Like most countries under English (Canada) or American legislative structures, police officers are required to adhere to regulations pertaining to the protection of crime scenes and their adjoining areas in order to obtain as much information about crimes as possible. On December 31, 1984, the date Christine Jessop’s body was found (dental records positively identified her on January 1, 1985), "a cigarette butt was located in the general vicinity of her remains. It was tagged, bagged and photographed by Sergeant Michalowsky, the senior identification officer who was in charge of the identification unit at the Durham Regional Police Service". The relevance of this cigarette butt was uncertain at the time, because it may have been placed at the scene prior to, during, or even after the incident –though the latter is highly unlikely as it stands to reason that any person that close to the dead body would have noticed it visually or by scent, and in turn reported it to the authorities. If the butt did belong to the killer, then there was the possibility that it contained the key to uncovering the culprit’s identity, left behind by trace elements such as DNA found in saliva. Almost one year later, during a meeting of the Crown attorneys and police officers, Sergeant Michalowsky made comments to the effect that "we even find our own officers’ cigarette butts at crime scenes". Ironically, this was the situation with the butt found near Christine’s body. On January 7th, 1986, Detective Fitzpatrick called a meeting between himself and any officers attending the body site who were smokers. It was discovered that Constable Cameron had in fact discarded his own cigarette near the body, and later realising it was inappropriate, removed it. Unfortunately, photographs taken at the scene depict that the cigarette was of a different brand to those consumed by any of the officers – which in turn suggests that Constable Cameron accidentally removed and disposed of evidence, leaving his own cigarette as a substitute. Sergeant Michalowsky later testified that no cigarette butts were found at all.
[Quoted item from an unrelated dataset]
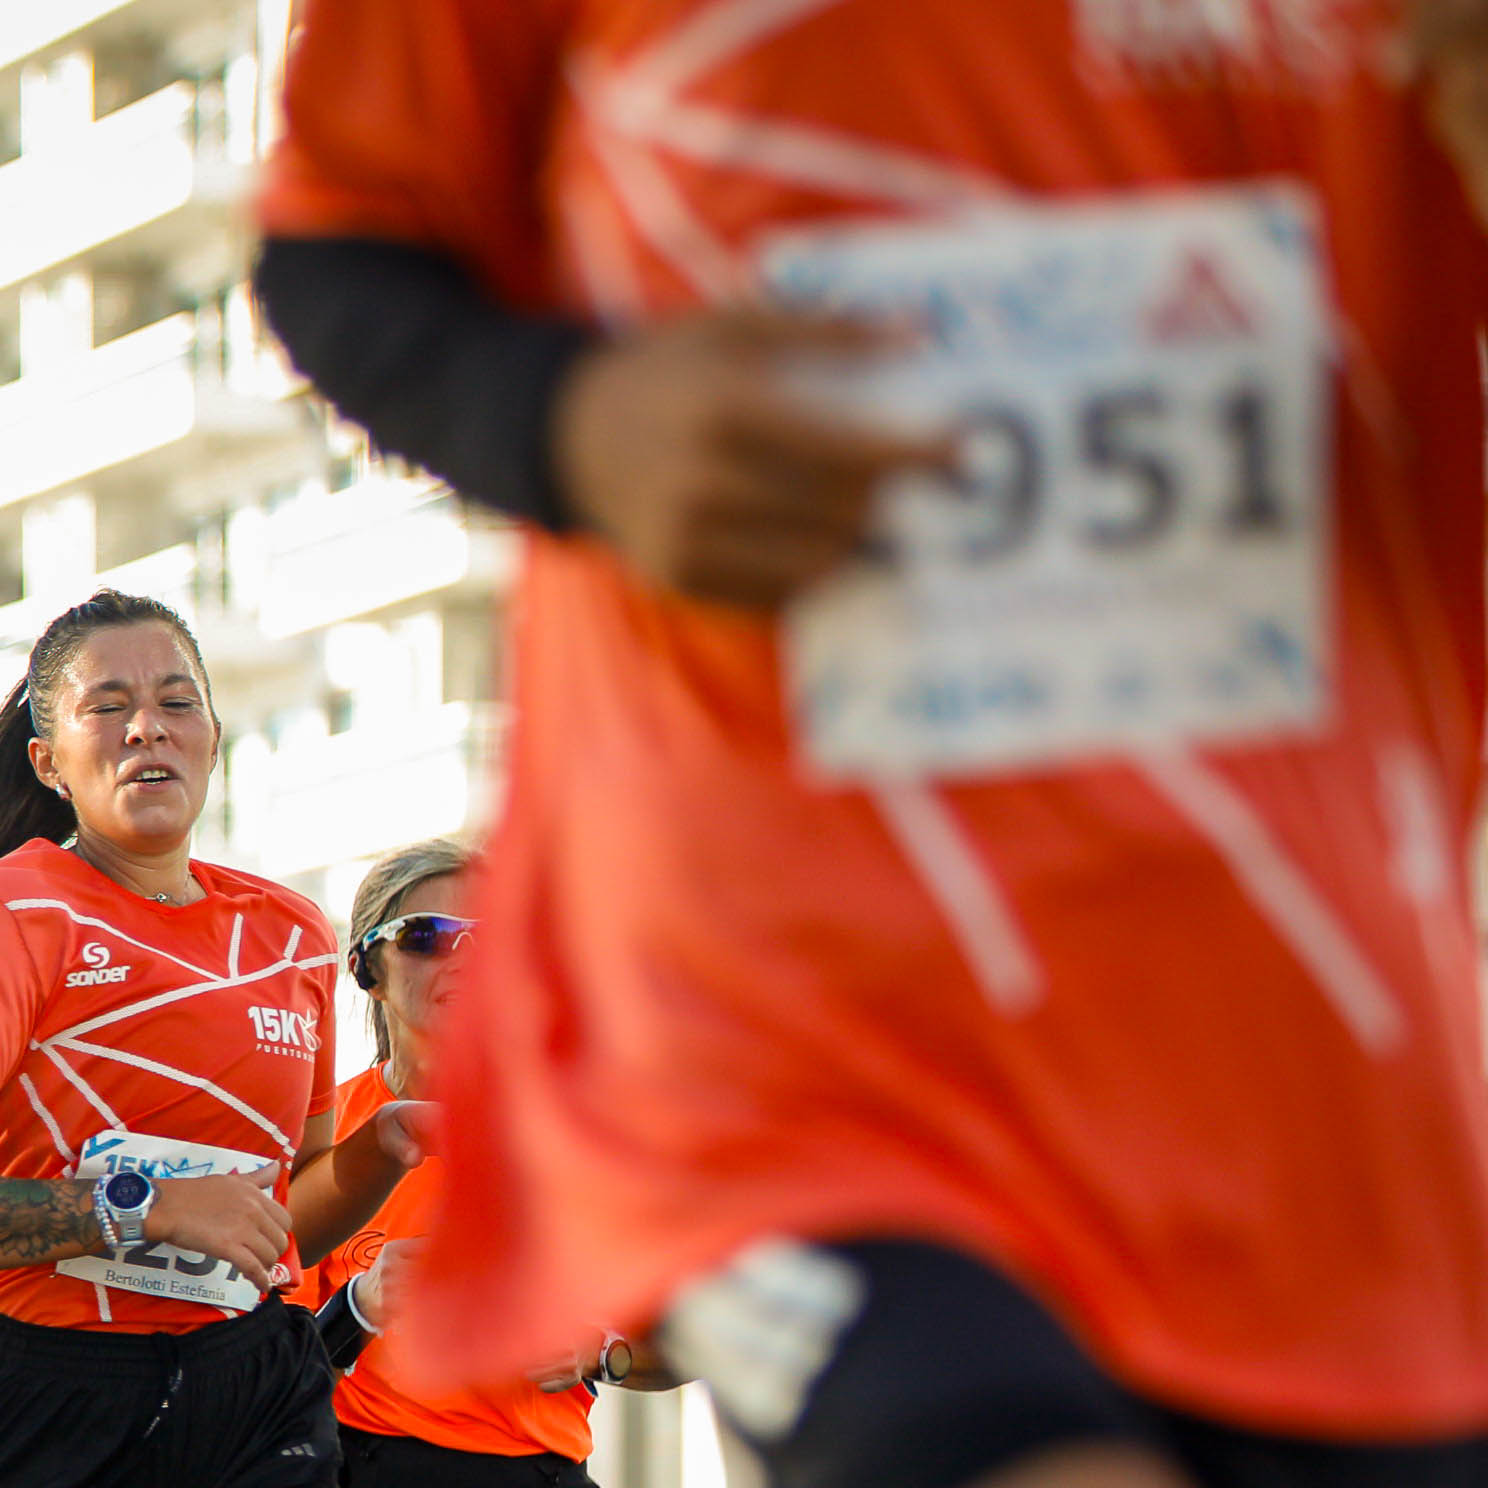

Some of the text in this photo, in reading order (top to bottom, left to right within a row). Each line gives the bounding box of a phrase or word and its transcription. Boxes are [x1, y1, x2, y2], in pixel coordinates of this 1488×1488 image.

[856, 378, 1286, 568] 951
[248, 1006, 300, 1046] 15K
[104, 1269, 166, 1292] Bertolotti
In 1990, following an Ontario Provincial Police investigation, Michalowsky was charged with one count of perjury for his part in making false statements under oath, and two counts of willfully attempting to obstruct justice.
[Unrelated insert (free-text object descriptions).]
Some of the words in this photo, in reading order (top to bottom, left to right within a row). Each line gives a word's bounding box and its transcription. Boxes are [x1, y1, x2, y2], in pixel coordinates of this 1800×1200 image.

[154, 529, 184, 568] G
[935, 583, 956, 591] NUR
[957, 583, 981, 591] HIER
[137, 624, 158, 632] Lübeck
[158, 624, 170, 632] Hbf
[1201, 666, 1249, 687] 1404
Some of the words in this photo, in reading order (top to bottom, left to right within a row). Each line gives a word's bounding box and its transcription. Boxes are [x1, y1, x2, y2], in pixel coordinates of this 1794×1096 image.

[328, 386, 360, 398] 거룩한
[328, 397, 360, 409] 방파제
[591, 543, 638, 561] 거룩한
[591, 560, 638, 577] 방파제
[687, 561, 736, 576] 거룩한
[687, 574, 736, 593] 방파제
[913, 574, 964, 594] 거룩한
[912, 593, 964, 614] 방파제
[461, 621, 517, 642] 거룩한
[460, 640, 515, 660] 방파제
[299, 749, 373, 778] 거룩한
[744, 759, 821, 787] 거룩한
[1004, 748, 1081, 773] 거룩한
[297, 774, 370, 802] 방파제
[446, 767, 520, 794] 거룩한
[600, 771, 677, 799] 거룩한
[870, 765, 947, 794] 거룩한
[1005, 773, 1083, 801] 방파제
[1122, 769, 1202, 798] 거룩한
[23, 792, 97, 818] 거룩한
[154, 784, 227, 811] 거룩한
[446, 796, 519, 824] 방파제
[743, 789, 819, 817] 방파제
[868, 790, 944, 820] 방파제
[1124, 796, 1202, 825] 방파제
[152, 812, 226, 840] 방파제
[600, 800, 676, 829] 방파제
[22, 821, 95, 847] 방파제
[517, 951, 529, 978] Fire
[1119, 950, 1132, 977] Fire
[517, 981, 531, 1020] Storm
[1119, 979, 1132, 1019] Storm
Dr. Hillsdon Smith conducted the autopsy on January 2, 1985. It was noted that the following internal injuries were present - two mid frontal area bruises caused by blunt impacts; a cut on the fourth lumbar vertebrae, located on the lower portion of the back; and a cut in the sixth, seventh and eight right rib, including a fracture. It was concluded that the injuries were consistent with having been caused by multiple stab wounds from a single sided knife, no more than an inch wide. Due to the decomposition of the body, it was not possible to determine if the deceased had been sexually assaulted. During a second autopsy in 1990, Dr. Clyde Snow with the assistance of Dr. Hans, a forensic pathologist, it was uncovered that the initial autopsy was somewhat inadequate. New findings included - a massive skull fracture, damaged vertebrae, and breastbone injuries. It is possible that the original oversight may have been caused by a lack of training on the behalf of those working within the autopsy department, because there is very little regulation as to who works within Canadian morgues. Unlike Australia, which requires any doctor participating in autopsy to have undertaken extensive training (6years of medical school, 2 years of medical residency, and 5 years of pathological training in at least one of three areas (anatomical, general, or histo. pathology)), Canada does not require anything more than a general study of pathology.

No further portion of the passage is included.